Africa is one country, right? I find it funny how people often refer to Africa as one place. With the outbreak of Ebola, the misperceptions of Africa’s geography is strengthened. And tourists are staying away from the whole continent due to fear of the scary virus.
A good friend of mine had a big dream to travel to Africa. However, the dream was destroyed when the dad told her to cancel the trip due to that he was afraid of the Ebola outbreak.
More detailed, her plan was to visit Kenya and Uganda. Uganda is closest of the two nations to the Ebola outbreak in West Africa. The closest nation affected is Nigeria. However, from Kampala (the capital of Uganda) to Nigeria there is a distance of 4,295 kilometers. That is about how wide the American continental is. Another way to put it, most cities in Europe are closer to Liberia, Sierra Leone and Guinea than Nairobi, the capital of Kenya, or Kampala.
I have myself taken flight from Nigeria to Uganda, and it took me over a day. I therefore could not stop laughing inside me, when I heard that the trip to Uganda and Kenya was cancelled due to the fear of Ebola. Furthermore, only eight people have died of the outbreak in Nigeria. The most affected countries are even much further away.
Map of Africa, and the Ebola outbreak (marked red).
On the other hand, I can understand that many people have misperceptions about Africa’s geography, and think it is a country. Because, it is how the media usually present it. Furthermore, I do not think it is that weird that people react with panic related to the virus. Ebola was one of the biggest news stories this year. And what did we learn from it? Not much. Panic and fear replaced rational thinking.
This is why, many tourists cancel their trips to all over Africa. South Africa, Tanzania, Ethiopia, Zambia, Namibia. Name it! Though there is no Ebola there. And it is FAR from the outbreaks. And it is not only tourists that cancel, so do airlines. For example, Korean Air Lines Co. deferred its route to Kenya, located three time zones away from the outbreak, because they were afraid the infection would spread there via services from West Africa.
All of this, do not help contain the virus. However, it surely dampen the economy of the region. In principal its travel and tourism sector. Furthermore, it jeopardize millions of livelihoods.

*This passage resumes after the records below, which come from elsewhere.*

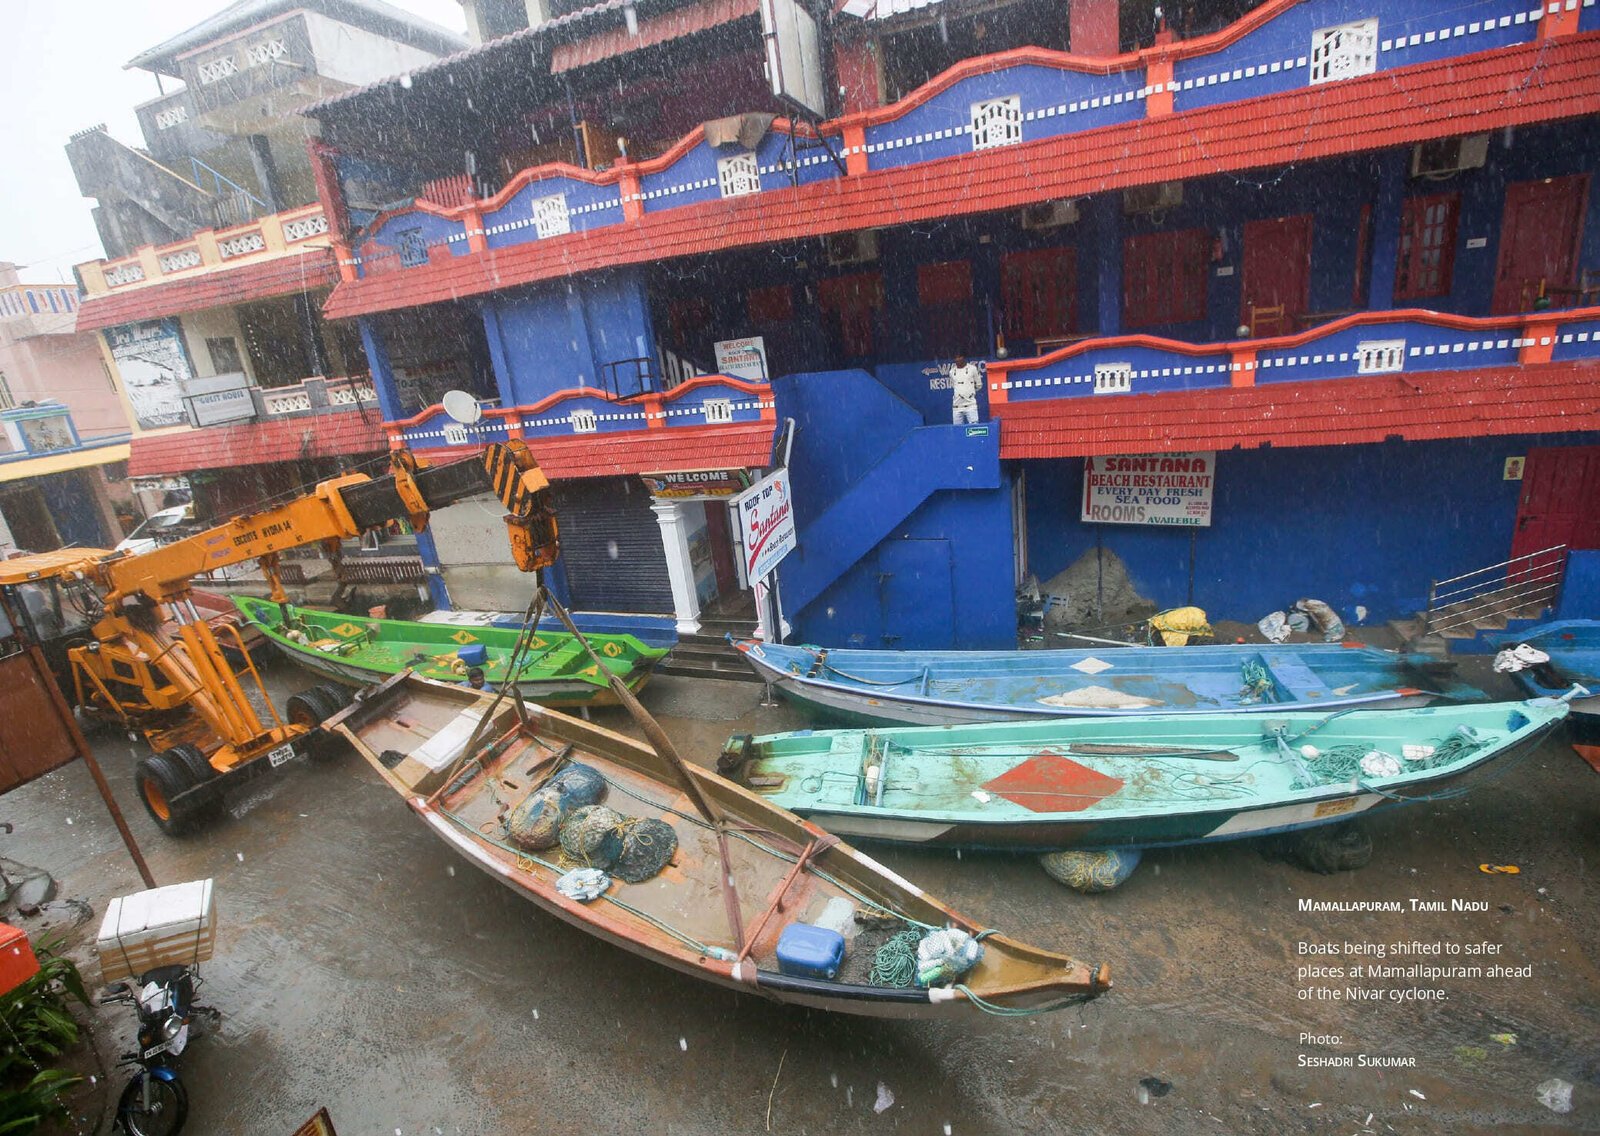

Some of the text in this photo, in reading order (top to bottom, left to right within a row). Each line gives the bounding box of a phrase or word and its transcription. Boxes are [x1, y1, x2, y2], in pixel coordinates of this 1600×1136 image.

[1105, 458, 1206, 472] SANTANA
[665, 471, 729, 483] WELCOME
[1091, 474, 1211, 488] BEACH RESTAURANT
[744, 485, 773, 512] ROOF TOP
[1097, 487, 1203, 497] EVERY DAY FRESH
[1115, 495, 1181, 505] SEA FOOD
[1091, 504, 1145, 521] ROOMS
[748, 499, 790, 551] Santana
[1147, 516, 1201, 525] AVAILEBLE

It is also worth asking, why the panic related to Ebola is so high. While malaria, AIDS and influenza do not cause such a level of panic, when they cause many more deaths per year than Ebola.

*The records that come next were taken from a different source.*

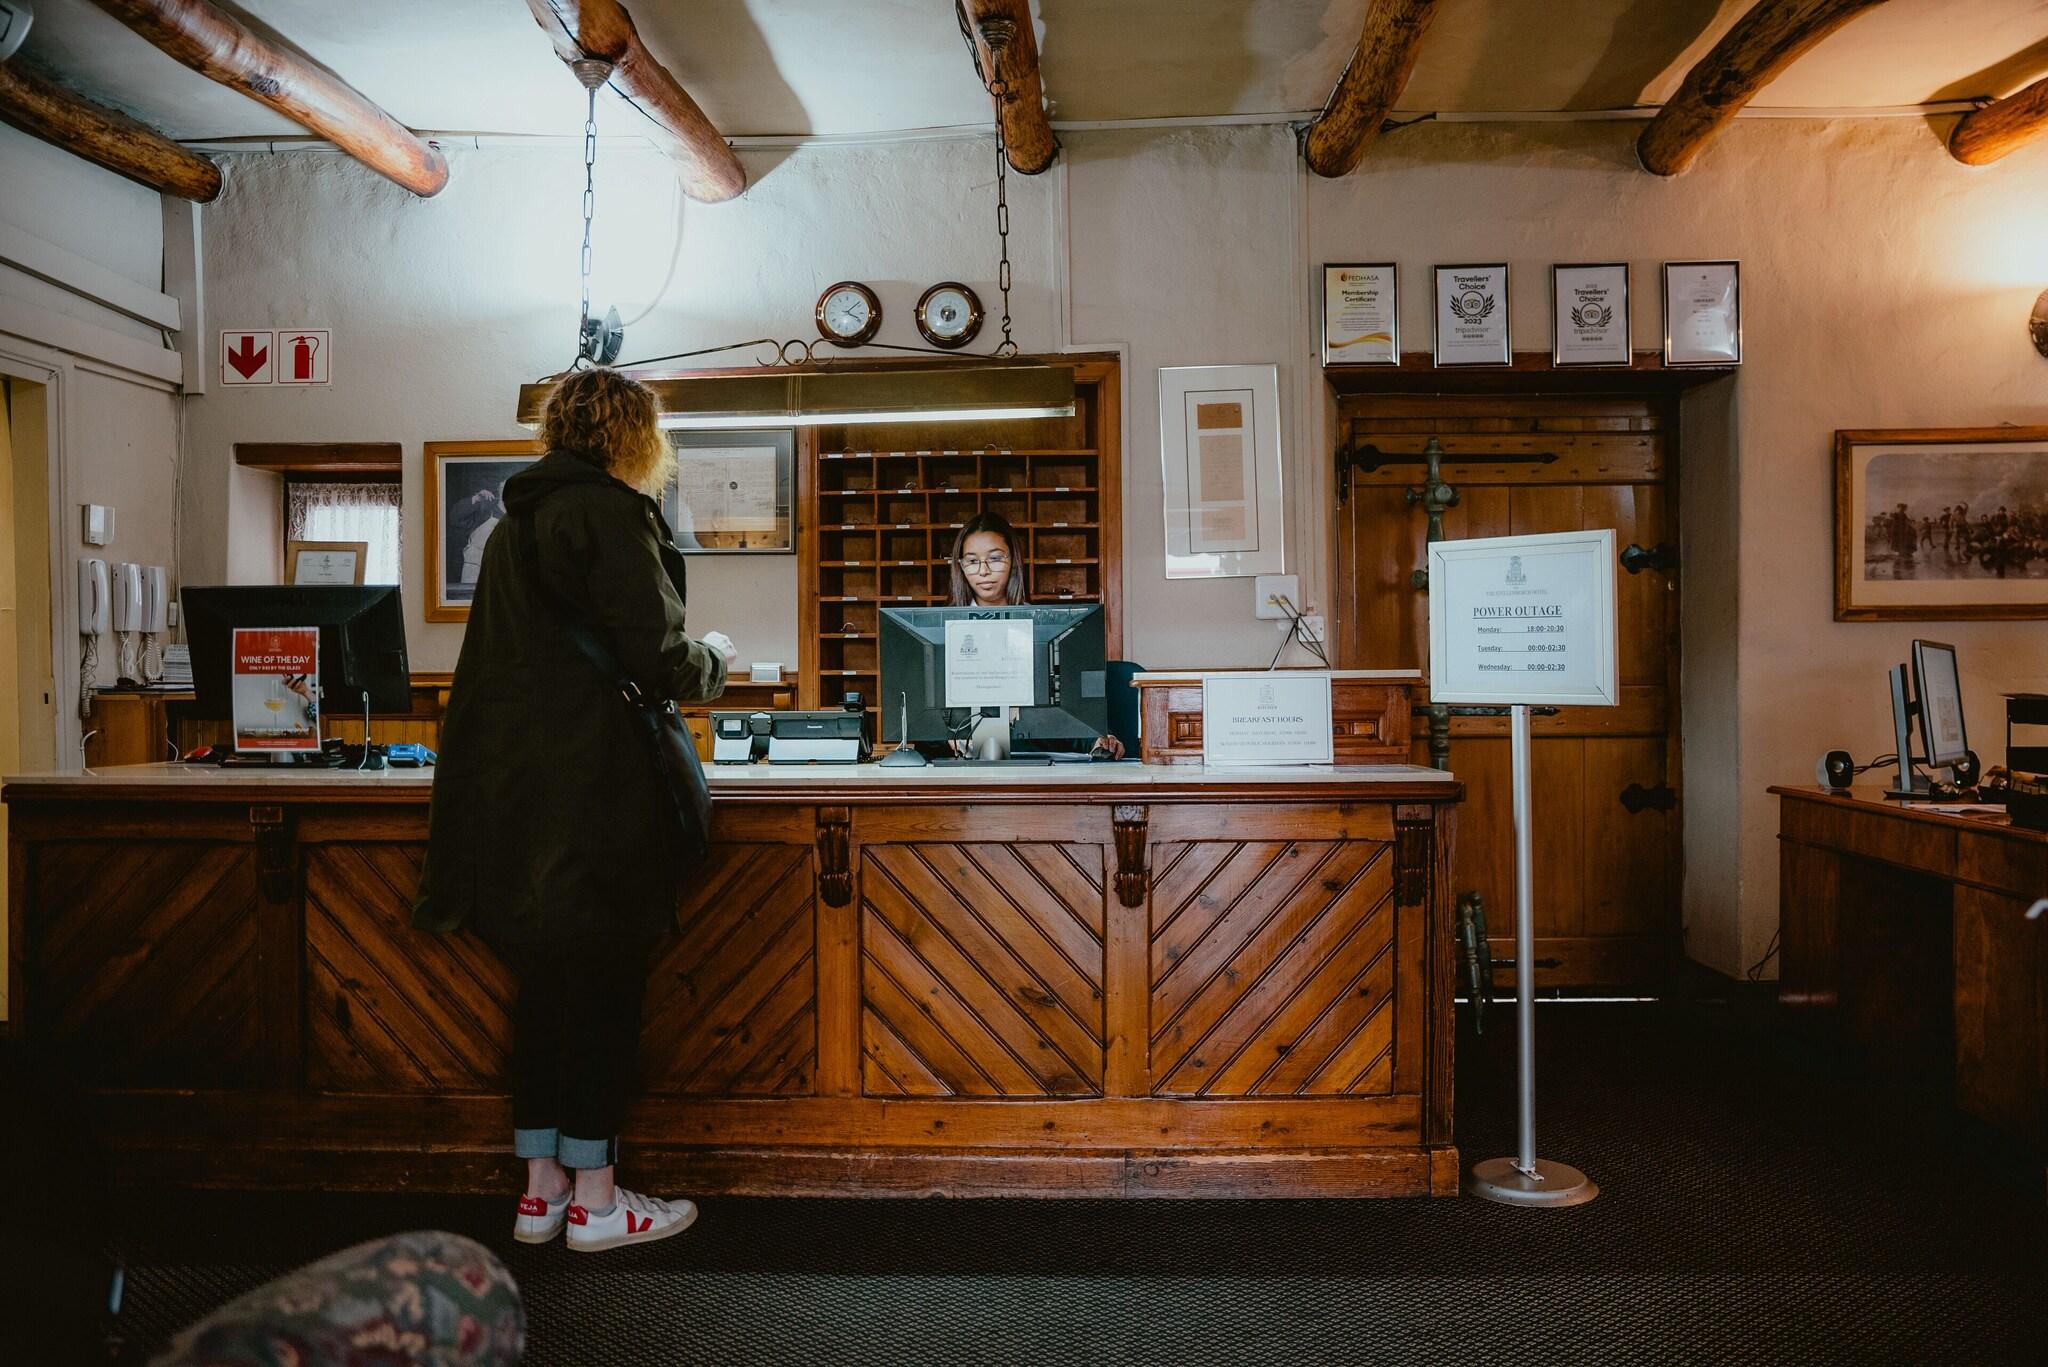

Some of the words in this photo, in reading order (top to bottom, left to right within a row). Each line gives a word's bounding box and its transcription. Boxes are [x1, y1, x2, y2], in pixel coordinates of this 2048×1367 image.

[1578, 295, 1604, 303] Choice
[1473, 607, 1512, 617] POWER
[1514, 605, 1563, 616] OUTAGE
[1478, 626, 1502, 634] Monday:
[1478, 645, 1503, 653] Tuesday:
[1527, 644, 1566, 652] 00:00-02:30
[1478, 663, 1513, 671] Wednesday:
[1527, 663, 1566, 671] 00:00-02:30
[520, 1202, 538, 1211] VEJA

That being said, maybe as sad, even outside Africa, Africans are stigmatized because of Ebola. It does not matter if their actually are from one of the outbreak countries. Or have not been in their home country for ten years. As long as he or she is from Africa, people think that the person is a risk.
Just a few weeks ago, I heard on the news that Ebola most likely had come to Bolivia. Everyone was in panic. However, it turned out that it was just a person coming from Zambia in a plane. He had no symptoms. Just because he was African, they put on the alarm.

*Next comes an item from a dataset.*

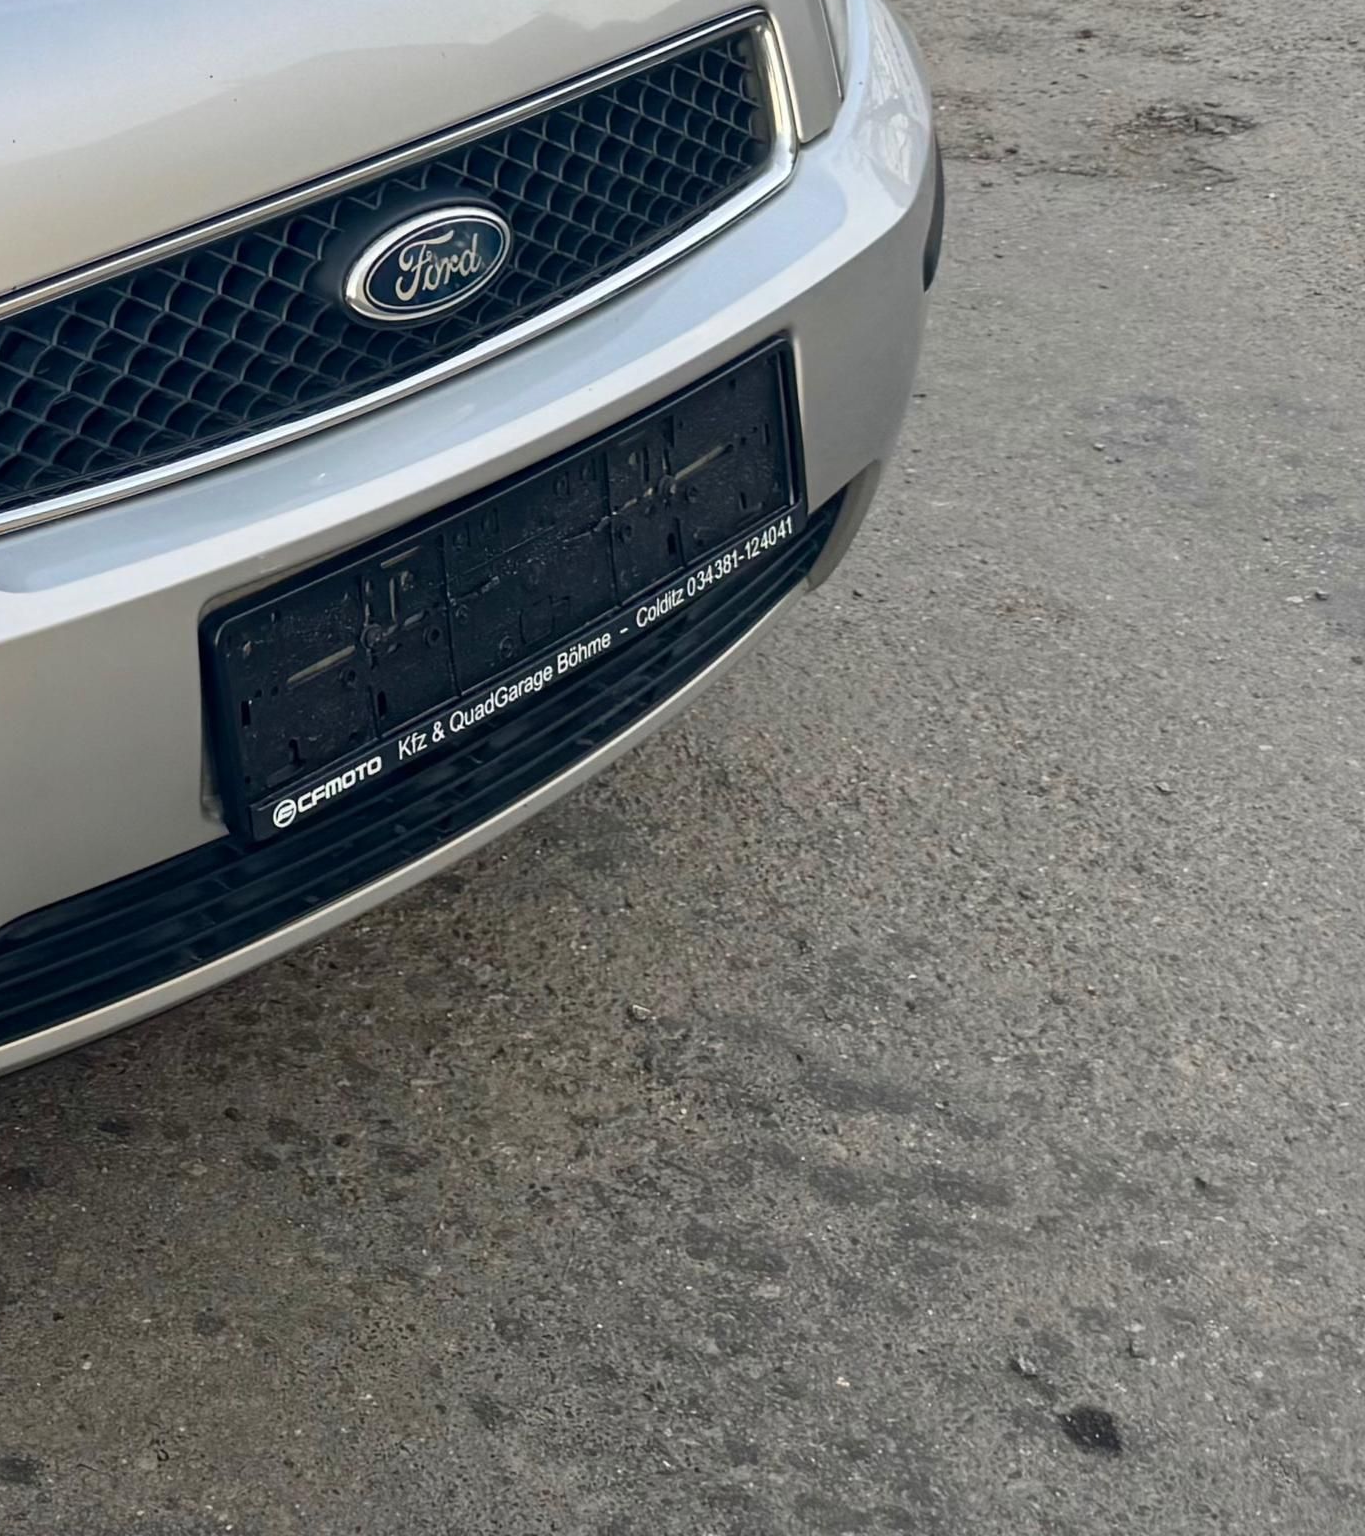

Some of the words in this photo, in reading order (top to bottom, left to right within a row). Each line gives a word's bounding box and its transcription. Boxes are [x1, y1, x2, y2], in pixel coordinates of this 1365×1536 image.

I have also read about two Rwandan students in New Jersey that had to stay at home from the elementary school because parents and the school were concerned. In Minnesota, sneezing Liberians were asked to leave work temporarily. In Germany, several schools were said to stay away from an annual world bazaar in Berlin with participants from Africa. And a guy from Togo, observed that when he sneezed at the underground all the people moved away from him.
Black skin, an African accent, or perhaps traditional clothes are enough to prove “suspicious”. If it was not easy to be an African outside Africa before, Ebola is certainly not helping.
Anyway, my point is that Ebola should not stop people to travel to Africa. Nor should it contribute to that we are afraid of Africans we meet outside Africa. Because seeing black skinned Africans as viruses, is irrational and unfair.
Would you cancel a trip to Africa due to the Ebola-virus? How do you react when you met a person from Africa, thinking about the Ebola outbreak?